Anime Banzai and Anime Salt Lake, which are two different anime conventions, were both initially held at the Taylorsville Redwood campus. The Rocky Mountain Revue, a pre-season basketball tournament sponsored by the NBA's Utah Jazz, was hosted in the Lifetime Activities Center until 2008. The arena has hosted professional basketball teams over the years, including the Utah Snowbears, the Salt Lake Dream, the Utah Eagles, and currently the Salt Lake City Stars

South City (1992)

Located at 1575 South State Street in Salt Lake City, the South City Campus occupies the former home of South High School. The campus houses classrooms, labs, and the Grand Theatre, home of the Grand Theatre Foundation and Community Institute. The Grand Theatre facility includes the Historic Fashion Collection, some 1,900 costumes ranging from 1890s to the present.

South City Campus added the Center for Arts and Media (CAM) Building in 2013, thanks to grants from the State of Utah and several community partners including the George S. & Delores Doré Eccles Foundation and Adobe. This addition provides classroom and work space for 17 programs in the School of Arts and Communication, serving approximately 9,000 students.

Jordan Campus (2001)

Located at 3491 West 9000 South in West Jordan, the Jordan Campus is SLCC's third full-service campus. It houses a library, food court, financial aid, a dental clinic for the dental hygienist program, academic advising offices, and Cate Field (where the SLCC baseball team plays its home games).

The nursing program opened at the campus by 2007 in a five-story Health Science building. A UTA TRAX station is planned near the college. Other non-college buildings on the campus include the Jordan School District applied technology center, Itineris Charter School built by Bill Gates, and an LDS Institute of Religion.

Miller Campus (2001)
The Miller Campus, opened in 2001, was donated to SLCC by Larry H. Miller, the late owner of the Utah Jazz and the Salt Lake Bees.

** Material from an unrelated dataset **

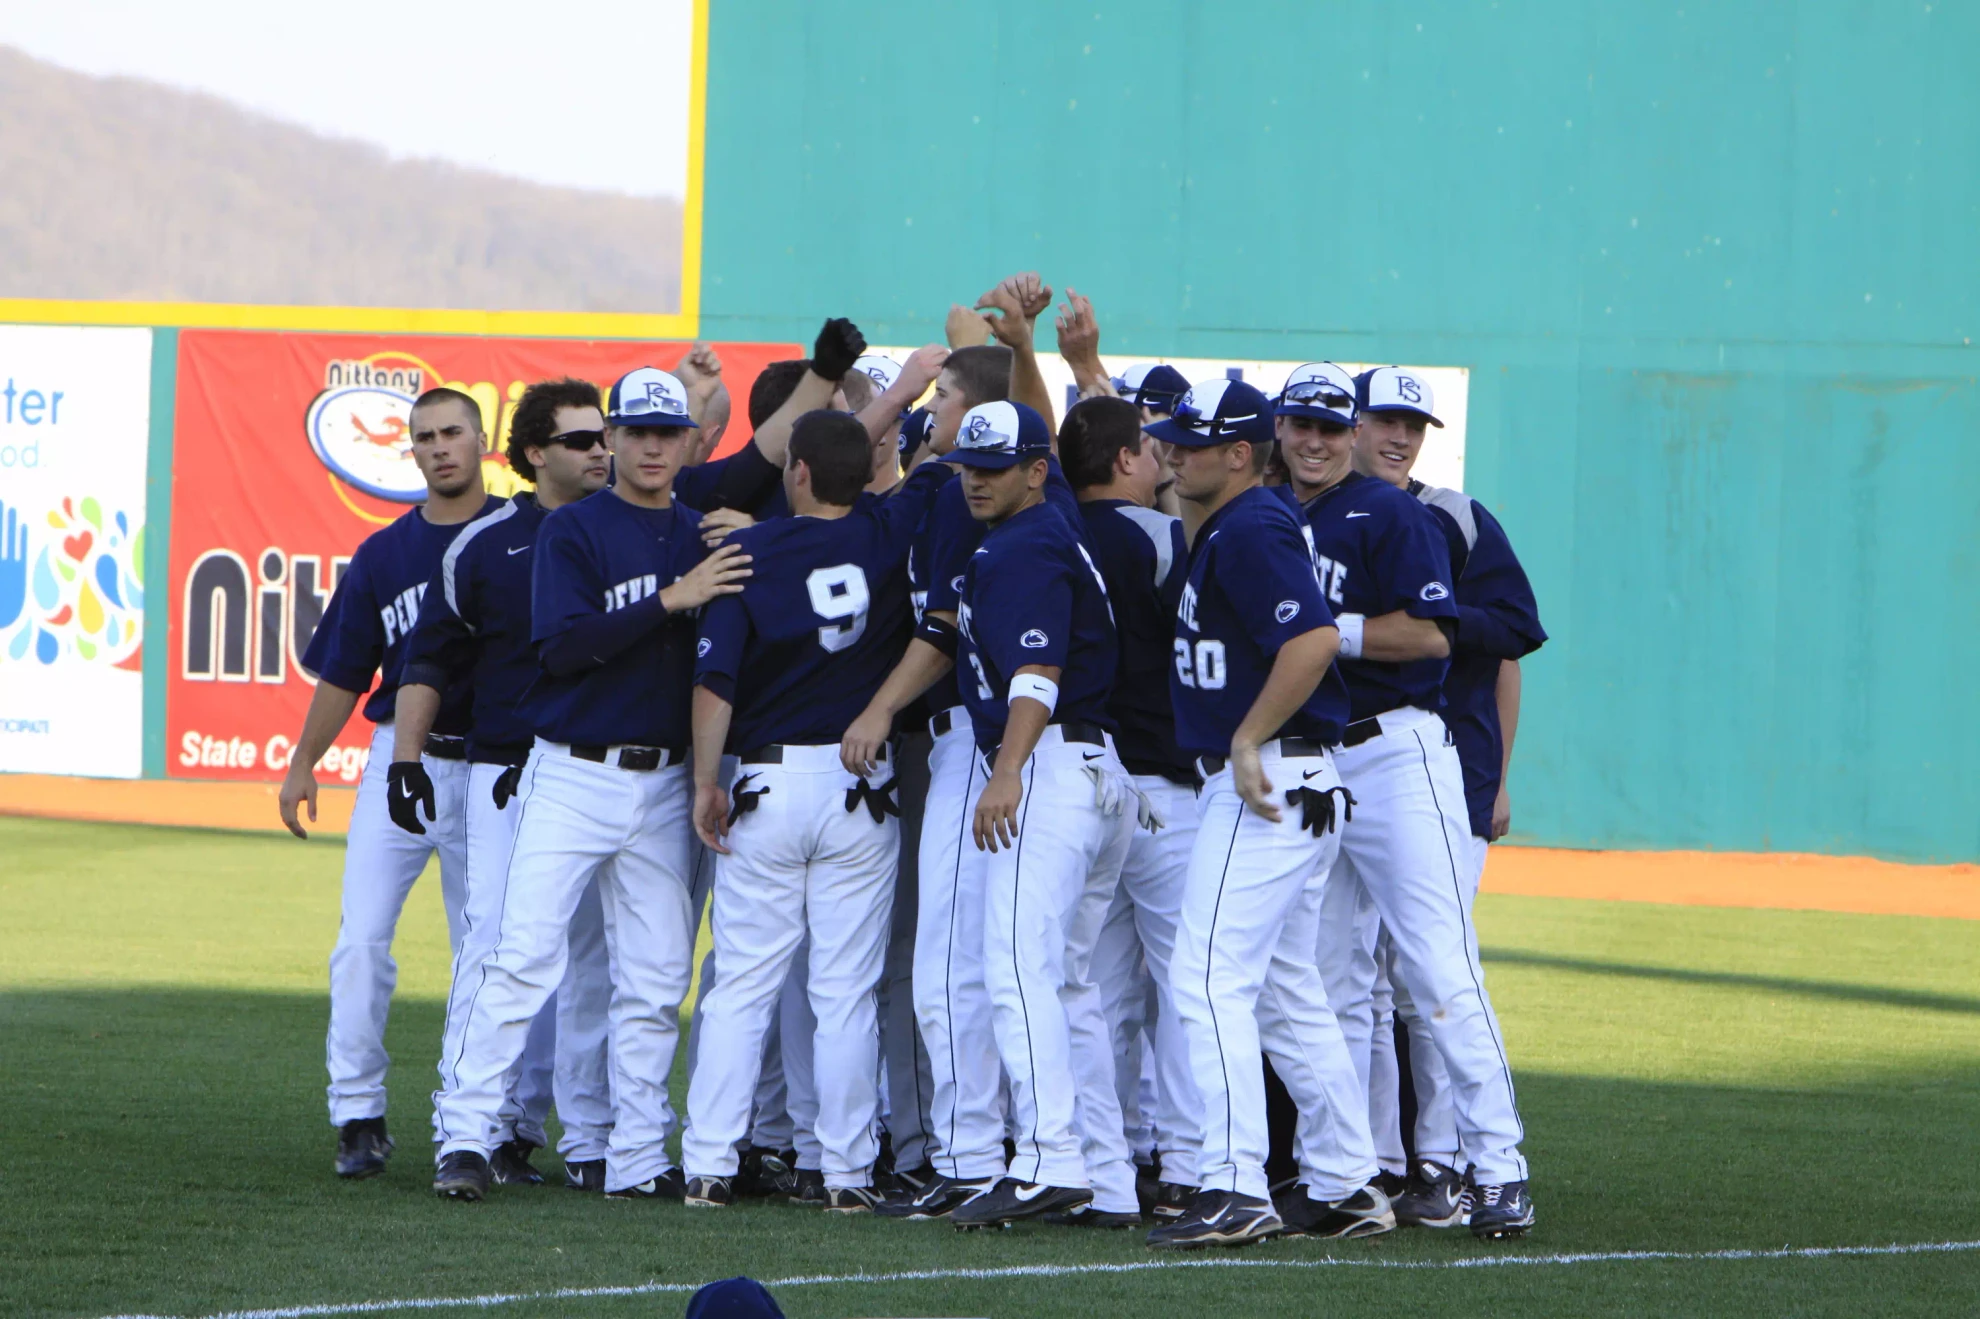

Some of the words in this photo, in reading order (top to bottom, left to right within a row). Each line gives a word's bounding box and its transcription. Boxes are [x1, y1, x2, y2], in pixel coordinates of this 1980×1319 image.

It is home to SLCC’s Culinary Institute, and Continuing Education programs such as legal secretary, digital media technology, real estate appraisal and public safety/criminal justice. The Miller Business Resource Center offers four corporate training programs and The Miller Business Innovation Center helps startup companies with operational and educational services. Training facilities for the Utah Department of Public Safety (DPS) on the campus include: Highway Patrol training, DPS development education center, the Utah POST (Peace Officer Standards and Training) academy, and the Department of Corrections training academy.

Meadowbrook Campus
The Meadowbrook Campus is home to general education courses, and several vocational and School of Applied Technology programs including: Diesel Systems Technology; Heating, Ventilation, Air Conditioning (HVAC); Professional Truck Driving; Professional Pilot; and Non-Destructive Testing.

Organization and administration
In September 2014, The Utah Board of Regents named Deneece Huftalin as the SLCC President. She served previously as Vice-President of Student Services. She replaced Cynthia Bioteau.

The Thayne Center is a non-profit organization established in 1994 (originally named the Emma Lou Thayne Community Service Center) to coordinate a variety of service-related programs for SLCC. The college provides the bulk of the Center's budget.

Academics
SLCC offers over 200 degree and certificate programs in academic, technical, and vocational fields. It is accredited by the Northwest Association of Schools and Colleges, and many credits are transferable to the state's four-year colleges. More SLCC graduates attend the University of Utah than graduates of any other institution of higher learning.

Student life

Sports
The SLCC Bruins have competed in the National Junior College Athletic Association (NJCAA) since 1985. Currently, the school fields men's teams in baseball, basketball and soccer, and women's teams in basketball, softball, volleyball and soccer. The Bruins have produced 54 NJCAA All-American athletes since 1985, and has produced 513 Academic All-Region honorees and 192 Academic All-Americans. The men's basketball program advanced to the NJCAA championship game in 2008. The following season, the Bruins returned to the title game, this time defeating Midland College to claim the first national championship in school history.  The Bruins returned to the title game in 2016, winning their second championship by defeating Hutchinson Community College, 74–64.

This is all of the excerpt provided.